ACTION ITEM:
Every line of the data should be retyped with no difference from the original.

[THE INPUT Boundary: Start]

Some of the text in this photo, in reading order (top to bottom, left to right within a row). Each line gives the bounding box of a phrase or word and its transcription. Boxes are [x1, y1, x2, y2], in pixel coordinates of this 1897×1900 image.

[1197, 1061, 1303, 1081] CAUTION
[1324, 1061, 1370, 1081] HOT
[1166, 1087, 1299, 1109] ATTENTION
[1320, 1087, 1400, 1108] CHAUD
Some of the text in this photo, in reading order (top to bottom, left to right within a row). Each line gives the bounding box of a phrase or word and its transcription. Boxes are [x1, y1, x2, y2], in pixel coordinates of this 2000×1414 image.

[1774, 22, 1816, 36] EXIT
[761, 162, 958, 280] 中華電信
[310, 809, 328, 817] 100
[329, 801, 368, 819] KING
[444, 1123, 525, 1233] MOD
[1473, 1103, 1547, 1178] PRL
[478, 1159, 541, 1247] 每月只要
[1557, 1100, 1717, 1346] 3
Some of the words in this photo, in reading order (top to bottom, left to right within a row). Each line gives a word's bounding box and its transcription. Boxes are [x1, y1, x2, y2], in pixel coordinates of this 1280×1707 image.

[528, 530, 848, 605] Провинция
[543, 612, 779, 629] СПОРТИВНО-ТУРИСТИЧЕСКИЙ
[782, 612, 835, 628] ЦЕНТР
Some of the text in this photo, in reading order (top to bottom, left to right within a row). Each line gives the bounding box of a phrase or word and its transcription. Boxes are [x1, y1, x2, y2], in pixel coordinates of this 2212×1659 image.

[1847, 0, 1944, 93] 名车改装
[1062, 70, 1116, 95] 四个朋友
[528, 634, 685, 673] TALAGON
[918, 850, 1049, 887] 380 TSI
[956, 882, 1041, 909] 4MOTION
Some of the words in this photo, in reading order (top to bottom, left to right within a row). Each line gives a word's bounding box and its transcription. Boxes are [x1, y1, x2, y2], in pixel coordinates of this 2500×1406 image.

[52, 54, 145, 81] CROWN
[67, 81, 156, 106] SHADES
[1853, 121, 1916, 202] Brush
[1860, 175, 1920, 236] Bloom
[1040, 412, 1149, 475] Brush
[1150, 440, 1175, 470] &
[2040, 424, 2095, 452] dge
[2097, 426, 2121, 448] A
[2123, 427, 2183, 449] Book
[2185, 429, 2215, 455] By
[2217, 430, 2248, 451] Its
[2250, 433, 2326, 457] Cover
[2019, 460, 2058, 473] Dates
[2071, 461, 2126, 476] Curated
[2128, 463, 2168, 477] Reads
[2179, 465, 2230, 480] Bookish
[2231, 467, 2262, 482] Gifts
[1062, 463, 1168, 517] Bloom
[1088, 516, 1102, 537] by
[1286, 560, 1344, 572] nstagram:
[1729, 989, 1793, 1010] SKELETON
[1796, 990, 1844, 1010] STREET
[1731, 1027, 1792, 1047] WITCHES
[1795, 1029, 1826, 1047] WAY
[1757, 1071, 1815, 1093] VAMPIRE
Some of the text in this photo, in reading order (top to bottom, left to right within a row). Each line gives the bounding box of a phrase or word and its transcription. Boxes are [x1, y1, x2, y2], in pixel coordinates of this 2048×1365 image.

[THE INPUT Boundary: End]

TASK RESPONSE:
Some of the text in this photo, in reading order (top to bottom, left to right within a row). Each line gives the bounding box of a phrase or word and its transcription. Boxes are [x1, y1, x2, y2], in pixel coordinates of this 1897×1900 image.

[1197, 1061, 1303, 1081] CAUTION
[1324, 1061, 1370, 1081] HOT
[1166, 1087, 1299, 1109] ATTENTION
[1320, 1087, 1400, 1108] CHAUD
Some of the text in this photo, in reading order (top to bottom, left to right within a row). Each line gives the bounding box of a phrase or word and its transcription. Boxes are [x1, y1, x2, y2], in pixel coordinates of this 2000×1414 image.

[1774, 22, 1816, 36] EXIT
[761, 162, 958, 280] 中華電信
[310, 809, 328, 817] 100
[329, 801, 368, 819] KING
[444, 1123, 525, 1233] MOD
[1473, 1103, 1547, 1178] PRL
[478, 1159, 541, 1247] 每月只要
[1557, 1100, 1717, 1346] 3
Some of the words in this photo, in reading order (top to bottom, left to right within a row). Each line gives a word's bounding box and its transcription. Boxes are [x1, y1, x2, y2], in pixel coordinates of this 1280×1707 image.

[528, 530, 848, 605] Провинция
[543, 612, 779, 629] СПОРТИВНО-ТУРИСТИЧЕСКИЙ
[782, 612, 835, 628] ЦЕНТР
Some of the text in this photo, in reading order (top to bottom, left to right within a row). Each line gives the bounding box of a phrase or word and its transcription. Boxes are [x1, y1, x2, y2], in pixel coordinates of this 2212×1659 image.

[1847, 0, 1944, 93] 名车改装
[1062, 70, 1116, 95] 四个朋友
[528, 634, 685, 673] TALAGON
[918, 850, 1049, 887] 380 TSI
[956, 882, 1041, 909] 4MOTION
Some of the words in this photo, in reading order (top to bottom, left to right within a row). Each line gives a word's bounding box and its transcription. Boxes are [x1, y1, x2, y2], in pixel coordinates of this 2500×1406 image.

[52, 54, 145, 81] CROWN
[67, 81, 156, 106] SHADES
[1853, 121, 1916, 202] Brush
[1860, 175, 1920, 236] Bloom
[1040, 412, 1149, 475] Brush
[1150, 440, 1175, 470] &
[2040, 424, 2095, 452] dge
[2097, 426, 2121, 448] A
[2123, 427, 2183, 449] Book
[2185, 429, 2215, 455] By
[2217, 430, 2248, 451] Its
[2250, 433, 2326, 457] Cover
[2019, 460, 2058, 473] Dates
[2071, 461, 2126, 476] Curated
[2128, 463, 2168, 477] Reads
[2179, 465, 2230, 480] Bookish
[2231, 467, 2262, 482] Gifts
[1062, 463, 1168, 517] Bloom
[1088, 516, 1102, 537] by
[1286, 560, 1344, 572] nstagram:
[1729, 989, 1793, 1010] SKELETON
[1796, 990, 1844, 1010] STREET
[1731, 1027, 1792, 1047] WITCHES
[1795, 1029, 1826, 1047] WAY
[1757, 1071, 1815, 1093] VAMPIRE
Some of the text in this photo, in reading order (top to bottom, left to right within a row). Each line gives the bounding box of a phrase or word and its transcription. Boxes are [x1, y1, x2, y2], in pixel coordinates of this 2048×1365 image.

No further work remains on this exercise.